0001-adds-ability-to-dump-data-for-tables-in-multiple-chu.patch

application/x-patch

Filename: 0001-adds-ability-to-dump-data-for-tables-in-multiple-chu.patch
Type: application/x-patch
Part: 0
Message: Patch: dumping tables data in multiple chunks in pg_dump
From 015cc46de277971d97c3b1823a5777fccb56c270 Mon Sep 17 00:00:00 2001
From: Hannu Krosing <hannuk@google.com>
Date: Tue, 11 Nov 2025 16:11:08 +0100
Subject: [PATCH] adds ability to dump data for tables in multiple chunks
 controlled by flag --huge-table-chunk-pages

---
 src/bin/pg_dump/pg_backup.h          |   1 +
 src/bin/pg_dump/pg_backup_archiver.c |   1 +
 src/bin/pg_dump/pg_dump.c            | 157 +++++++++++++++++++++------
 src/bin/pg_dump/pg_dump.h            |   7 ++
 4 files changed, 130 insertions(+), 36 deletions(-)

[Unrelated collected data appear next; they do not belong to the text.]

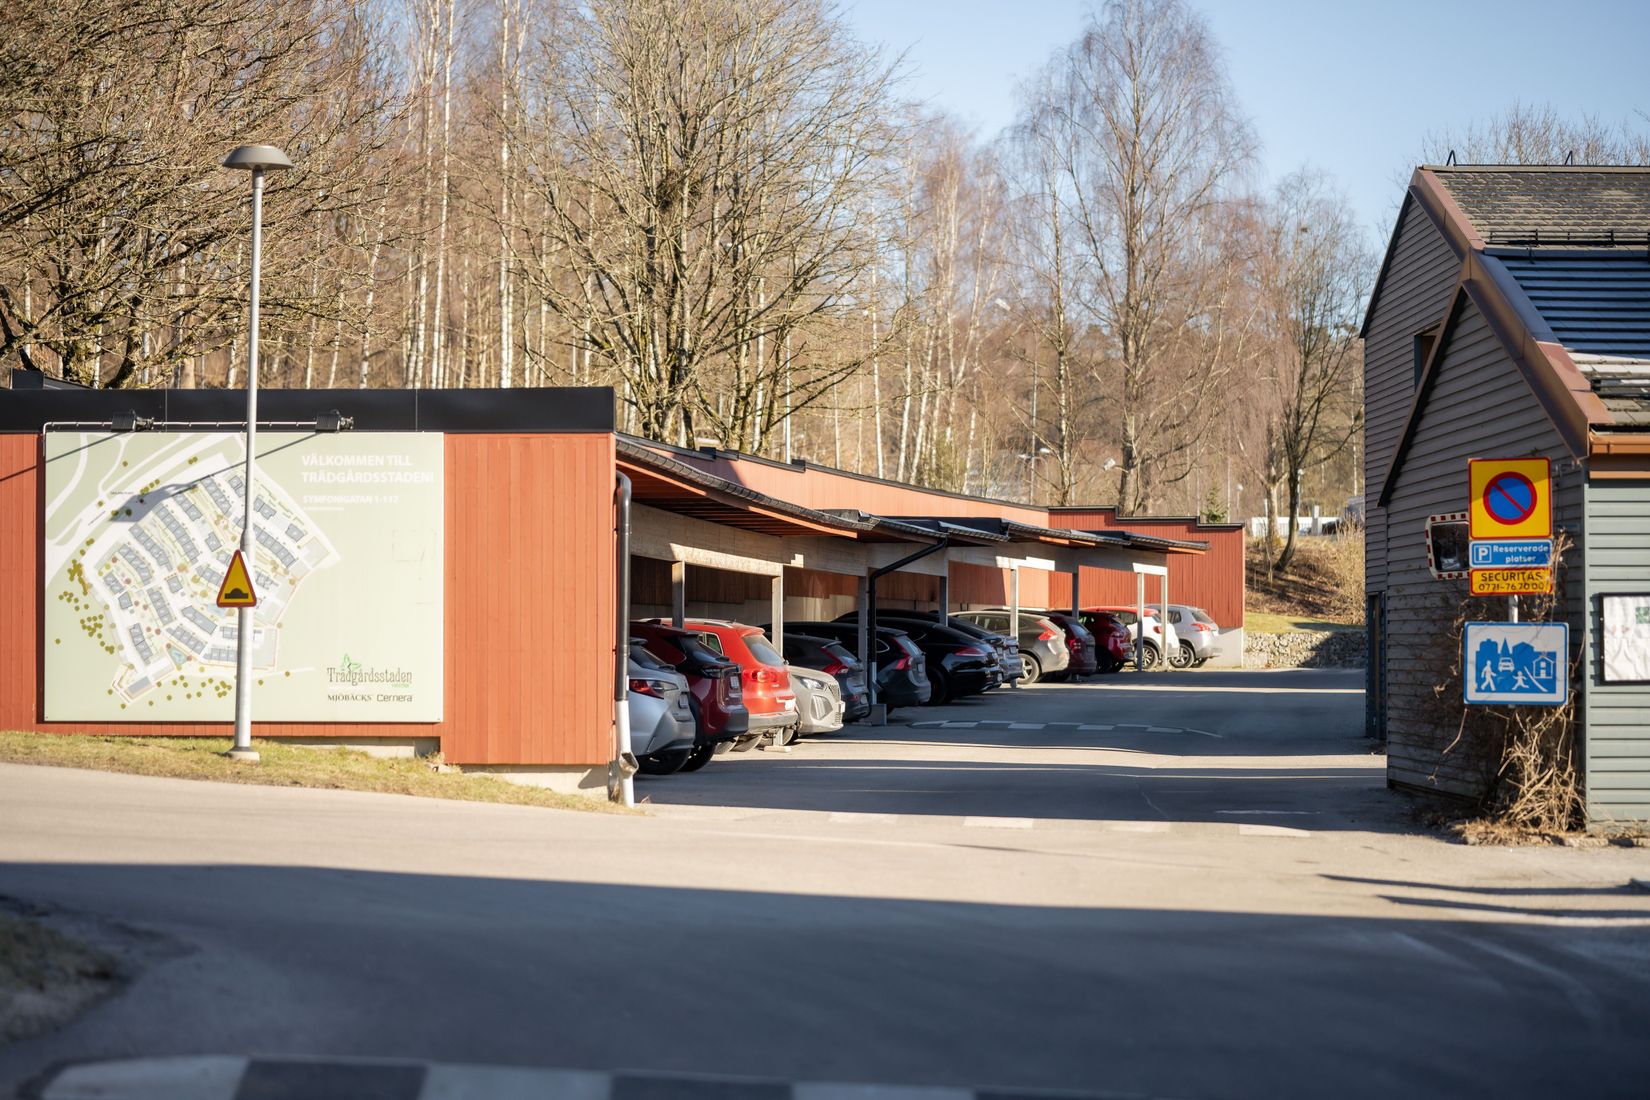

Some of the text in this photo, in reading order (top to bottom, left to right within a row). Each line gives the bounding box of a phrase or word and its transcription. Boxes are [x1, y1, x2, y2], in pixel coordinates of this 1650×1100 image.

[302, 452, 413, 466] VÄLKOMMEN TILL
[1493, 544, 1548, 552] Reserverade
[1478, 548, 1488, 560] P
[1506, 556, 1536, 564] platser
[1481, 572, 1542, 582] SECURITAS
[326, 667, 413, 686] Trädgårdsstaden
[327, 693, 413, 702] MJÖBÄCKS Cernera

diff --git a/src/bin/pg_dump/pg_backup.h b/src/bin/pg_dump/pg_backup.h
index d9041dad720..b71caed8b83 100644
--- a/src/bin/pg_dump/pg_backup.h
+++ b/src/bin/pg_dump/pg_backup.h
@@ -178,6 +178,7 @@ typedef struct _dumpOptions
 	bool		aclsSkip;
 	const char *lockWaitTimeout;
 	int			dump_inserts;	/* 0 = COPY, otherwise rows per INSERT */
+	int			huge_table_chunk_pages; /* chunk when relpages is above this */
 
 	/* flags for various command-line long options */
 	int			disable_dollar_quoting;
diff --git a/src/bin/pg_dump/pg_backup_archiver.c b/src/bin/pg_dump/pg_backup_archiver.c
index 59eaecb4ed7..d555e365ea5 100644
--- a/src/bin/pg_dump/pg_backup_archiver.c
+++ b/src/bin/pg_dump/pg_backup_archiver.c
@@ -154,6 +154,7 @@ InitDumpOptions(DumpOptions *opts)

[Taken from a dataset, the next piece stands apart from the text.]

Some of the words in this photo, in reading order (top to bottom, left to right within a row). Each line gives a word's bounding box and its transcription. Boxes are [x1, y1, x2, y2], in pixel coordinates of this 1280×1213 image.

 	opts->dumpSchema = true;
 	opts->dumpData = true;
 	opts->dumpStatistics = false;
+	opts->huge_table_chunk_pages = UINT32_MAX; /* disable chunking by default */
 }
 
 /*
diff --git a/src/bin/pg_dump/pg_dump.c b/src/bin/pg_dump/pg_dump.c
index a00918bacb4..e9ccc8e43ed 100644
--- a/src/bin/pg_dump/pg_dump.c
+++ b/src/bin/pg_dump/pg_dump.c
@@ -538,6 +538,7 @@ main(int argc, char **argv)
 		{"exclude-extension", required_argument, NULL, 17},
 		{"sequence-data", no_argument, &dopt.sequence_data, 1},
 		{"restrict-key", required_argument, NULL, 25},
+		{"huge-table-chunk-pages", required_argument, NULL, 26},
 
 		{NULL, 0, NULL, 0}
 	};
@@ -802,6 +803,13 @@ main(int argc, char **argv)

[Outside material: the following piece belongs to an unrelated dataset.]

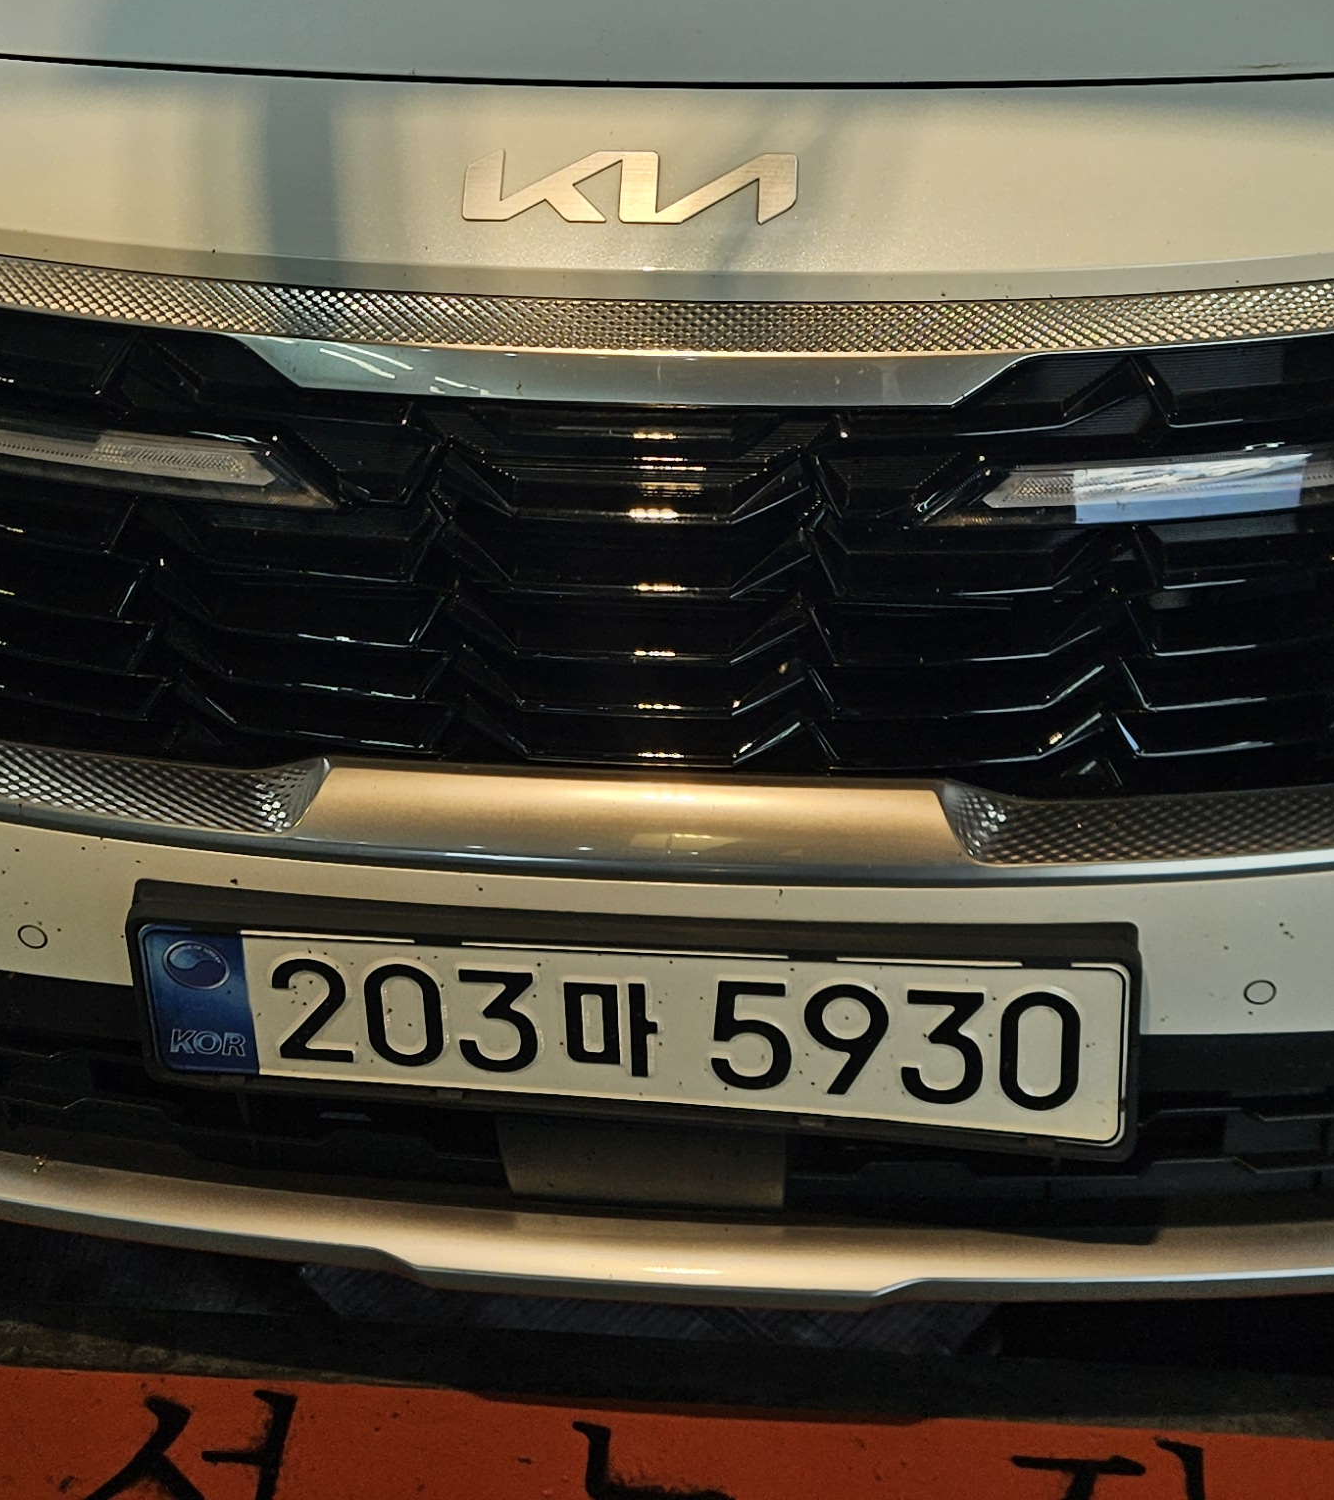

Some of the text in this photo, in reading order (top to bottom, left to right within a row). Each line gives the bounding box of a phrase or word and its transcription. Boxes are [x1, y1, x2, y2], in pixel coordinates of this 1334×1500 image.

[169, 1028, 246, 1058] KOR
[271, 958, 1082, 1113] 203마 5930

 				dopt.restrict_key = pg_strdup(optarg);
 				break;
 
+			case 26:			/* huge table chunk pages */
+				if (!option_parse_int(optarg, "--huge-table-chunk-pages", 1, INT32_MAX,
+									  &dopt.huge_table_chunk_pages))
+					exit_nicely(1);
+				pg_log_warning("CHUNKING: set dopt.huge_table_chunk_pages to [%u]",(BlockNumber) dopt.huge_table_chunk_pages);
+				break;
+
 			default:
 				/* getopt_long already emitted a complaint */
 				pg_log_error_hint("Try \"%s --help\" for more information.", progname);
@@ -1357,6 +1365,9 @@ help(const char *progname)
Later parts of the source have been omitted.